Spatial localization data:
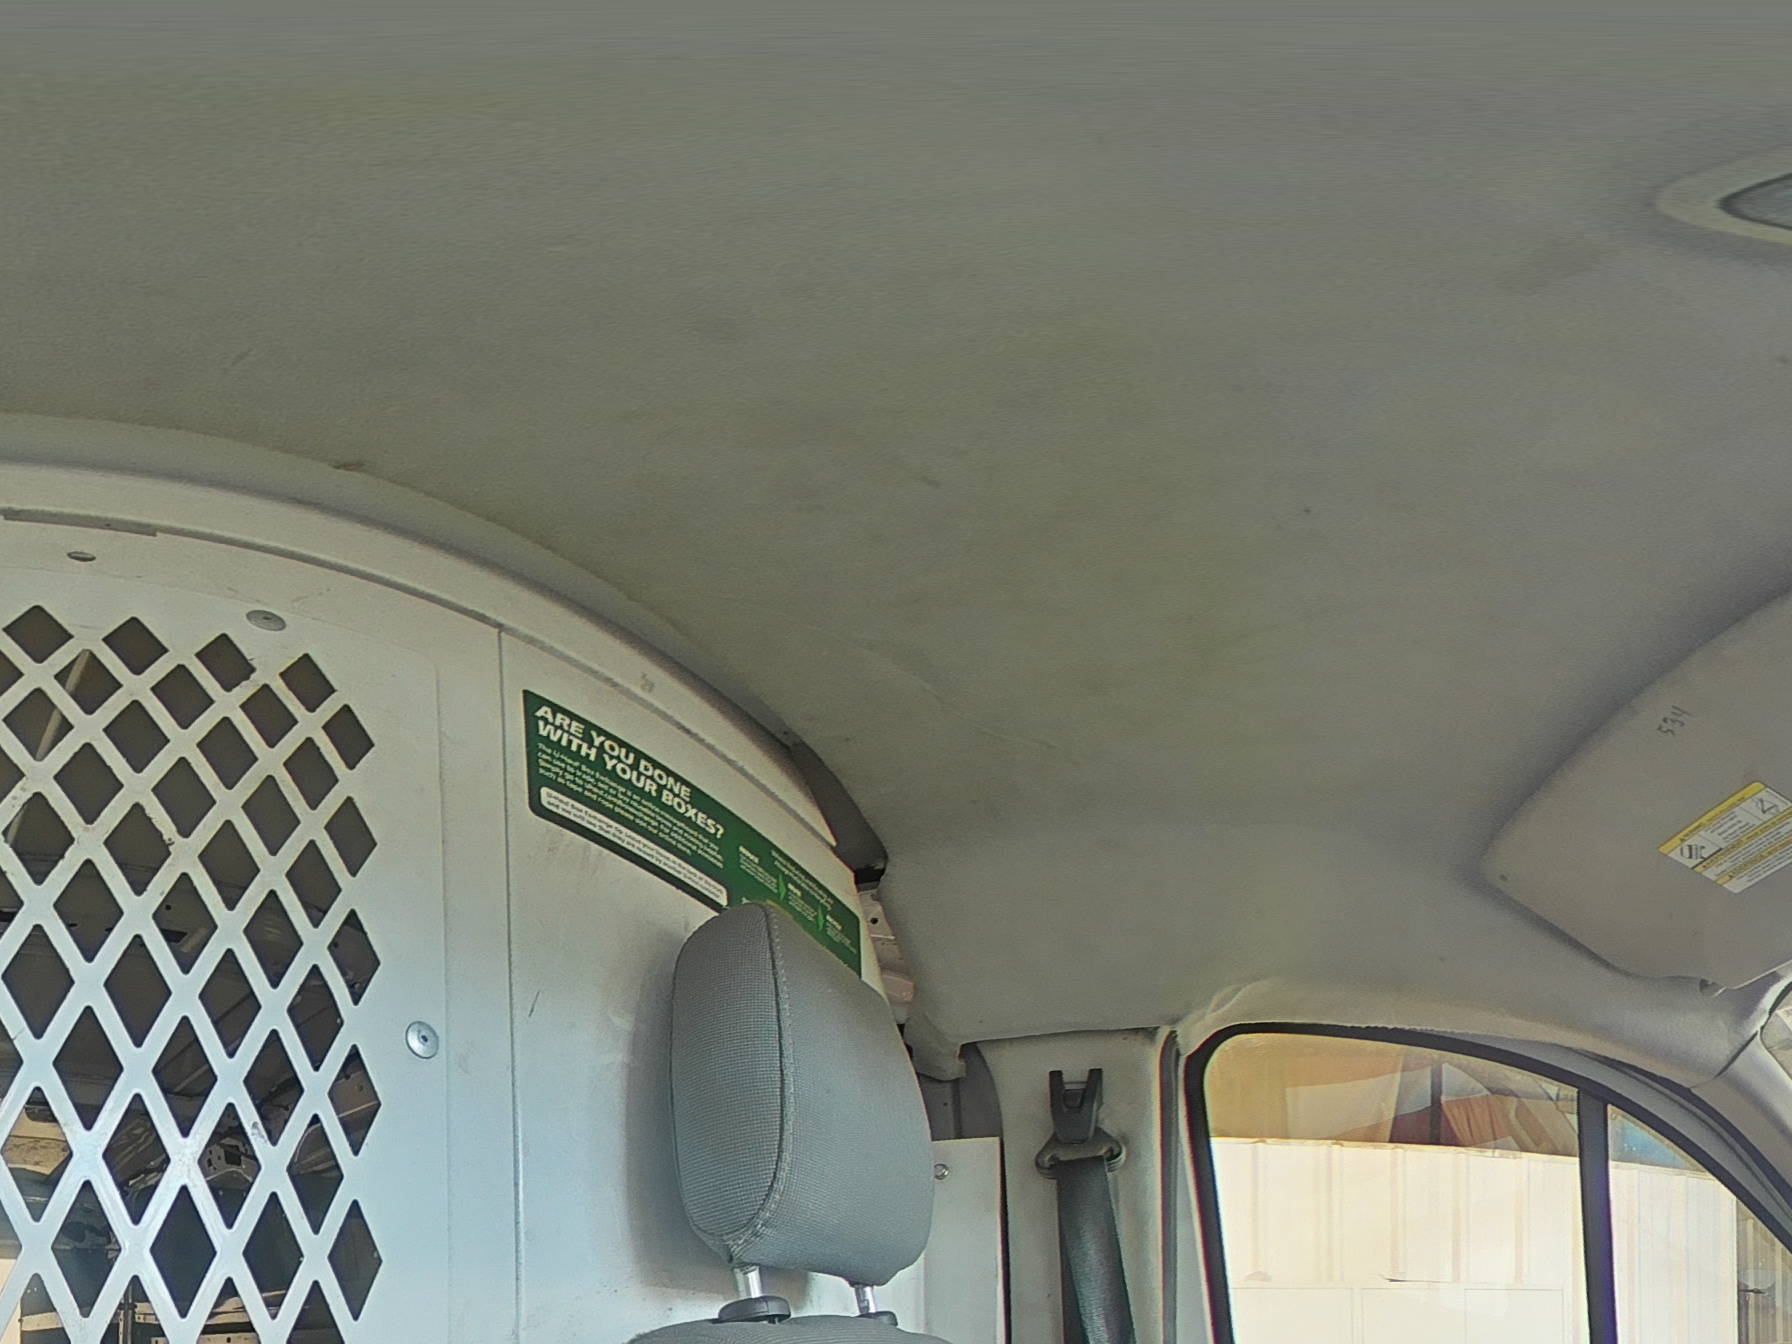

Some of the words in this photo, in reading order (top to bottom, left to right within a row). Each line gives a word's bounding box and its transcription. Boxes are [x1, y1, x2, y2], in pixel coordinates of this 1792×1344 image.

[535, 706, 585, 737] ARE
[591, 730, 635, 765] YOU
[639, 759, 691, 802] DONE
[538, 720, 598, 761] WITH
[602, 753, 658, 797] YOUR
[661, 789, 725, 839] BOXES?

• **Problem requirements**: Give all the entries again exactly, dropping each picture.

• **Solution to the problem**:
Some of the words in this photo, in reading order (top to bottom, left to right within a row). Each line gives a word's bounding box and its transcription. Boxes are [x1, y1, x2, y2], in pixel coordinates of this 1792×1344 image.

[535, 706, 585, 737] ARE
[591, 730, 635, 765] YOU
[639, 759, 691, 802] DONE
[538, 720, 598, 761] WITH
[602, 753, 658, 797] YOUR
[661, 789, 725, 839] BOXES?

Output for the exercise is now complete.